Exercise aim: Retype every entry word for word. Omit the pictures.

[Exercise input Boundary: Start]

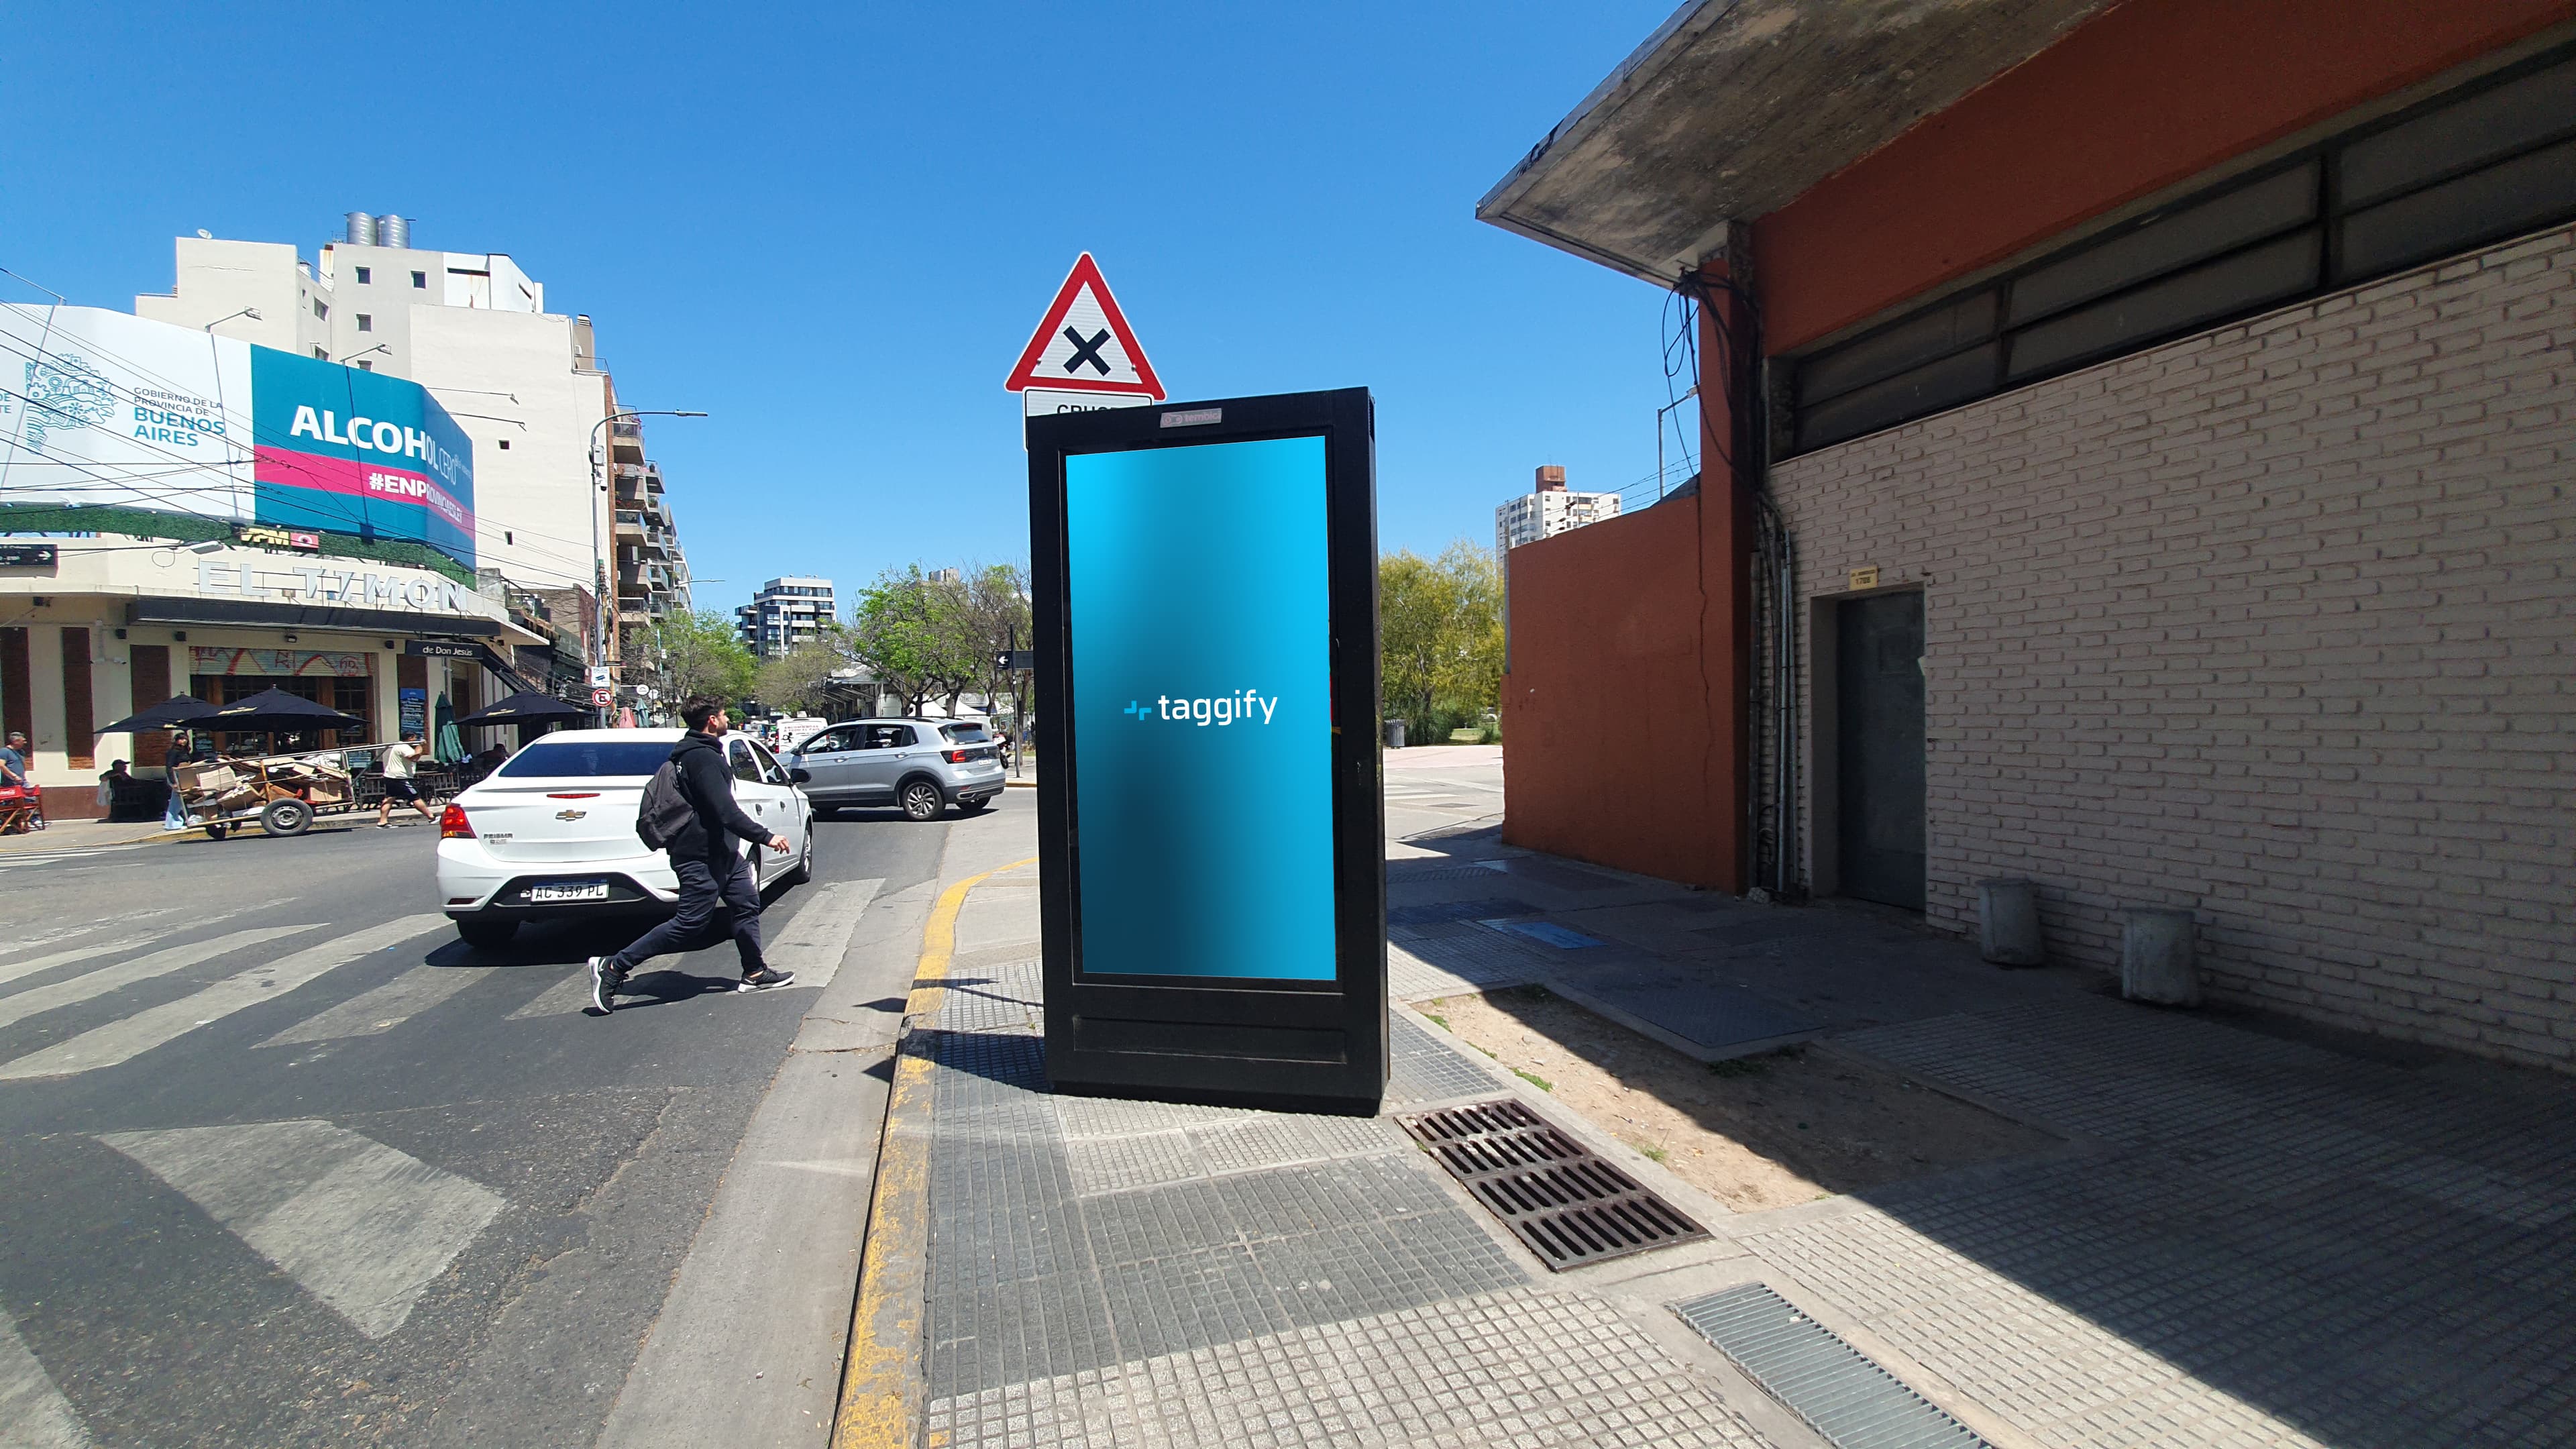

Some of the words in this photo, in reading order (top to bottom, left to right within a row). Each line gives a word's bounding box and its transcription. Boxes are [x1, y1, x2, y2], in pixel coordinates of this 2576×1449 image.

[134, 387, 191, 403] GOBIERNO
[193, 398, 207, 407] DE
[210, 400, 222, 409] LA
[134, 396, 193, 413] PROVINCIA
[195, 407, 209, 416] DE
[134, 407, 225, 435] BUENOS
[134, 425, 199, 447] AIRES
[290, 405, 439, 471] ALCOHOL
[199, 558, 271, 597] EL
[435, 646, 451, 655] Don
[453, 647, 473, 656] Jesús
[1158, 689, 1278, 727] taggify
[535, 887, 552, 899] AC
[557, 885, 583, 898] 339
[588, 885, 603, 897] PL
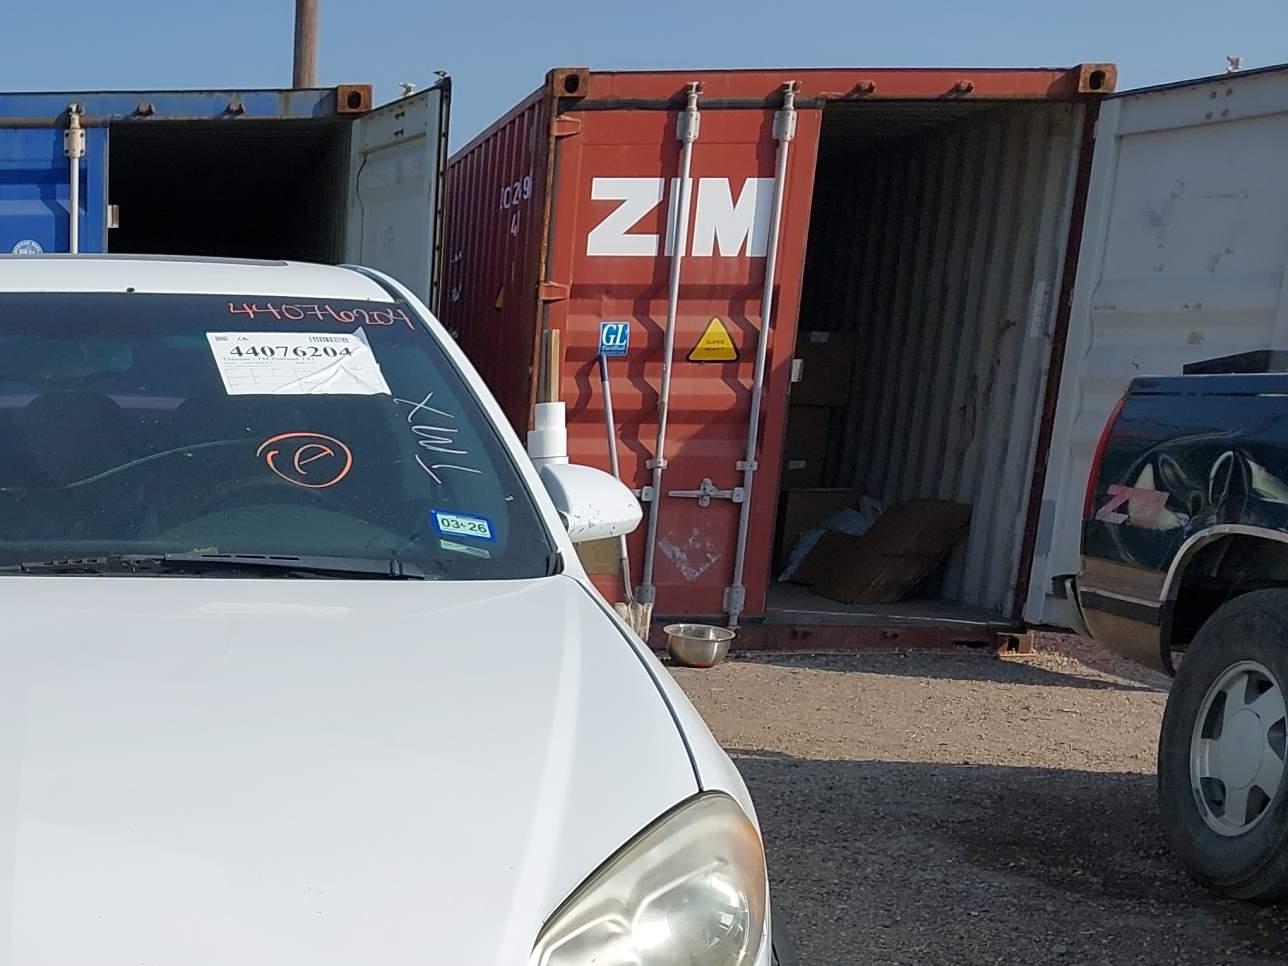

[Exercise input Boundary: End]

Exercise response:
Some of the words in this photo, in reading order (top to bottom, left to right within a row). Each line gives a word's bounding box and its transcription. Boxes are [x1, y1, x2, y2], in pixel coordinates of this 2576×1449 image.

[134, 387, 191, 403] GOBIERNO
[193, 398, 207, 407] DE
[210, 400, 222, 409] LA
[134, 396, 193, 413] PROVINCIA
[195, 407, 209, 416] DE
[134, 407, 225, 435] BUENOS
[134, 425, 199, 447] AIRES
[290, 405, 439, 471] ALCOHOL
[199, 558, 271, 597] EL
[435, 646, 451, 655] Don
[453, 647, 473, 656] Jesús
[1158, 689, 1278, 727] taggify
[535, 887, 552, 899] AC
[557, 885, 583, 898] 339
[588, 885, 603, 897] PL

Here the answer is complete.